* PROVIDED ENTRIES:
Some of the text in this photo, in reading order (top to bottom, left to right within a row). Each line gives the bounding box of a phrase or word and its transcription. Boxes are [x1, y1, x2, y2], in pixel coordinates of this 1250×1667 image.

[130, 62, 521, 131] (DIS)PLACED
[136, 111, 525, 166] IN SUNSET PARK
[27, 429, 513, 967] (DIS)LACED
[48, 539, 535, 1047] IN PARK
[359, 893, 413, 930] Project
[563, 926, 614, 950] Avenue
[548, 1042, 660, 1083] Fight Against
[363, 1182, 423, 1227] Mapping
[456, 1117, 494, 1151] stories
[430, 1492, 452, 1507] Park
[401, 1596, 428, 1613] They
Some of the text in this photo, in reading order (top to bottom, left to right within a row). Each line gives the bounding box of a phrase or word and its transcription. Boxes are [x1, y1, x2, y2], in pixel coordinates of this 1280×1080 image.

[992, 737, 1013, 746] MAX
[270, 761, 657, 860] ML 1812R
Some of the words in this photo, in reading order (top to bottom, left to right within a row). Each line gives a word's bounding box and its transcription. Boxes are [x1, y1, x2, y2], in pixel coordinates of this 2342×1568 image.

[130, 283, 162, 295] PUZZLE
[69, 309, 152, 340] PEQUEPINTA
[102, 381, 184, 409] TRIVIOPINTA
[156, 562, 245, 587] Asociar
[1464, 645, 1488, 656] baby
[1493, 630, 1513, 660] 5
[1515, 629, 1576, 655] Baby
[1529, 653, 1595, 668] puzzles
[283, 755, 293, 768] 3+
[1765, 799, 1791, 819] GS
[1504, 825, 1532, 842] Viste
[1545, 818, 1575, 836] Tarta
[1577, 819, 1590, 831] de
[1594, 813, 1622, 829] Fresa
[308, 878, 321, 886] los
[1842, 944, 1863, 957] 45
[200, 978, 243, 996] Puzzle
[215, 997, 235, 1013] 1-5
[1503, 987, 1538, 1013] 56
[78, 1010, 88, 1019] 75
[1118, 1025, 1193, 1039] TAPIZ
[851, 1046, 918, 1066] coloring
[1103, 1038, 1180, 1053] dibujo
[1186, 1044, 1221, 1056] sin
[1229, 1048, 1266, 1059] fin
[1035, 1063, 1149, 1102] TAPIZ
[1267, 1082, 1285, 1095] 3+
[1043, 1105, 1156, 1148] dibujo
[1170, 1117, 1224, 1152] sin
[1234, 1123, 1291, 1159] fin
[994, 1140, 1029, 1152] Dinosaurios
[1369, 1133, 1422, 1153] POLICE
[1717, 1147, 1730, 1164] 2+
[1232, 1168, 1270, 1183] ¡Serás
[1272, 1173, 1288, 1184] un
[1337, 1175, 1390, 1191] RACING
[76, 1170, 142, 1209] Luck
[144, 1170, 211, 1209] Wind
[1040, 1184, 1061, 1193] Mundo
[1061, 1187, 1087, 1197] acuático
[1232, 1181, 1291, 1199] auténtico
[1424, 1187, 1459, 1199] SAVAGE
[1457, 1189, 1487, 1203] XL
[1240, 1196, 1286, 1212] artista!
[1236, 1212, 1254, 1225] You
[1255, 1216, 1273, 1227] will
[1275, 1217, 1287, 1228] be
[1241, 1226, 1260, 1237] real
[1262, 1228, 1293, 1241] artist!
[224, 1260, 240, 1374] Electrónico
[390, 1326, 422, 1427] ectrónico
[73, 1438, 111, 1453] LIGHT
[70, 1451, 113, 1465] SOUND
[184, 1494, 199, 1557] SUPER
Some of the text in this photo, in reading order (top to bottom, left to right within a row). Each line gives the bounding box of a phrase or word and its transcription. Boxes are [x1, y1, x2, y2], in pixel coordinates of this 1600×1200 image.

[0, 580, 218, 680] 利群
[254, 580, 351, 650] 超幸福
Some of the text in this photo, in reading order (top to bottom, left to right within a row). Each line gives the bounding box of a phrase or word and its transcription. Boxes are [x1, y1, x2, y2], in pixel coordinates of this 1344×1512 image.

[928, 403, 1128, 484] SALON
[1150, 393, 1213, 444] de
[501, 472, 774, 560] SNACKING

* YOUR ASSIGNMENT:
Without changing a single word, reproduce the entries above.

* SOLUTION FOR THIS EXERCISE:
Some of the text in this photo, in reading order (top to bottom, left to right within a row). Each line gives the bounding box of a phrase or word and its transcription. Boxes are [x1, y1, x2, y2], in pixel coordinates of this 1250×1667 image.

[130, 62, 521, 131] (DIS)PLACED
[136, 111, 525, 166] IN SUNSET PARK
[27, 429, 513, 967] (DIS)LACED
[48, 539, 535, 1047] IN PARK
[359, 893, 413, 930] Project
[563, 926, 614, 950] Avenue
[548, 1042, 660, 1083] Fight Against
[363, 1182, 423, 1227] Mapping
[456, 1117, 494, 1151] stories
[430, 1492, 452, 1507] Park
[401, 1596, 428, 1613] They
Some of the text in this photo, in reading order (top to bottom, left to right within a row). Each line gives the bounding box of a phrase or word and its transcription. Boxes are [x1, y1, x2, y2], in pixel coordinates of this 1280×1080 image.

[992, 737, 1013, 746] MAX
[270, 761, 657, 860] ML 1812R
Some of the words in this photo, in reading order (top to bottom, left to right within a row). Each line gives a word's bounding box and its transcription. Boxes are [x1, y1, x2, y2], in pixel coordinates of this 2342×1568 image.

[130, 283, 162, 295] PUZZLE
[69, 309, 152, 340] PEQUEPINTA
[102, 381, 184, 409] TRIVIOPINTA
[156, 562, 245, 587] Asociar
[1464, 645, 1488, 656] baby
[1493, 630, 1513, 660] 5
[1515, 629, 1576, 655] Baby
[1529, 653, 1595, 668] puzzles
[283, 755, 293, 768] 3+
[1765, 799, 1791, 819] GS
[1504, 825, 1532, 842] Viste
[1545, 818, 1575, 836] Tarta
[1577, 819, 1590, 831] de
[1594, 813, 1622, 829] Fresa
[308, 878, 321, 886] los
[1842, 944, 1863, 957] 45
[200, 978, 243, 996] Puzzle
[215, 997, 235, 1013] 1-5
[1503, 987, 1538, 1013] 56
[78, 1010, 88, 1019] 75
[1118, 1025, 1193, 1039] TAPIZ
[851, 1046, 918, 1066] coloring
[1103, 1038, 1180, 1053] dibujo
[1186, 1044, 1221, 1056] sin
[1229, 1048, 1266, 1059] fin
[1035, 1063, 1149, 1102] TAPIZ
[1267, 1082, 1285, 1095] 3+
[1043, 1105, 1156, 1148] dibujo
[1170, 1117, 1224, 1152] sin
[1234, 1123, 1291, 1159] fin
[994, 1140, 1029, 1152] Dinosaurios
[1369, 1133, 1422, 1153] POLICE
[1717, 1147, 1730, 1164] 2+
[1232, 1168, 1270, 1183] ¡Serás
[1272, 1173, 1288, 1184] un
[1337, 1175, 1390, 1191] RACING
[76, 1170, 142, 1209] Luck
[144, 1170, 211, 1209] Wind
[1040, 1184, 1061, 1193] Mundo
[1061, 1187, 1087, 1197] acuático
[1232, 1181, 1291, 1199] auténtico
[1424, 1187, 1459, 1199] SAVAGE
[1457, 1189, 1487, 1203] XL
[1240, 1196, 1286, 1212] artista!
[1236, 1212, 1254, 1225] You
[1255, 1216, 1273, 1227] will
[1275, 1217, 1287, 1228] be
[1241, 1226, 1260, 1237] real
[1262, 1228, 1293, 1241] artist!
[224, 1260, 240, 1374] Electrónico
[390, 1326, 422, 1427] ectrónico
[73, 1438, 111, 1453] LIGHT
[70, 1451, 113, 1465] SOUND
[184, 1494, 199, 1557] SUPER
Some of the text in this photo, in reading order (top to bottom, left to right within a row). Each line gives the bounding box of a phrase or word and its transcription. Boxes are [x1, y1, x2, y2], in pixel coordinates of this 1600×1200 image.

[0, 580, 218, 680] 利群
[254, 580, 351, 650] 超幸福
Some of the text in this photo, in reading order (top to bottom, left to right within a row). Each line gives the bounding box of a phrase or word and its transcription. Boxes are [x1, y1, x2, y2], in pixel coordinates of this 1344×1512 image.

[928, 403, 1128, 484] SALON
[1150, 393, 1213, 444] de
[501, 472, 774, 560] SNACKING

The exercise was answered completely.